Segment Open

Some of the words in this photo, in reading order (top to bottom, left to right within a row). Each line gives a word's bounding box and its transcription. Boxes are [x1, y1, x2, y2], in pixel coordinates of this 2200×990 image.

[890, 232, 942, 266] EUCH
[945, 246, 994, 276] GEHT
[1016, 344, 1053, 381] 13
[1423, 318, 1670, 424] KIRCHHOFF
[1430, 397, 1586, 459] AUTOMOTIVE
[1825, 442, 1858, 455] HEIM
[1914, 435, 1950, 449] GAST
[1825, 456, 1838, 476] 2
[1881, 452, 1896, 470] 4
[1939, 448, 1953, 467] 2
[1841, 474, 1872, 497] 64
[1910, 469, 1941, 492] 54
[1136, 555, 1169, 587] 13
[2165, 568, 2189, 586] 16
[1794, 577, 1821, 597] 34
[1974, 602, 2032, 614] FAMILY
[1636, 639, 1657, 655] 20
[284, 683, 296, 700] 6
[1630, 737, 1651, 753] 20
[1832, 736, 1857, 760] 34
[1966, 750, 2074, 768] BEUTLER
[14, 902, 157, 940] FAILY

Segment Closed

● **EXERCISE**: Each line must be given again exactly as written above.

● **WRITTEN REPLY**:
Some of the words in this photo, in reading order (top to bottom, left to right within a row). Each line gives a word's bounding box and its transcription. Boxes are [x1, y1, x2, y2], in pixel coordinates of this 2200×990 image.

[890, 232, 942, 266] EUCH
[945, 246, 994, 276] GEHT
[1016, 344, 1053, 381] 13
[1423, 318, 1670, 424] KIRCHHOFF
[1430, 397, 1586, 459] AUTOMOTIVE
[1825, 442, 1858, 455] HEIM
[1914, 435, 1950, 449] GAST
[1825, 456, 1838, 476] 2
[1881, 452, 1896, 470] 4
[1939, 448, 1953, 467] 2
[1841, 474, 1872, 497] 64
[1910, 469, 1941, 492] 54
[1136, 555, 1169, 587] 13
[2165, 568, 2189, 586] 16
[1794, 577, 1821, 597] 34
[1974, 602, 2032, 614] FAMILY
[1636, 639, 1657, 655] 20
[284, 683, 296, 700] 6
[1630, 737, 1651, 753] 20
[1832, 736, 1857, 760] 34
[1966, 750, 2074, 768] BEUTLER
[14, 902, 157, 940] FAILY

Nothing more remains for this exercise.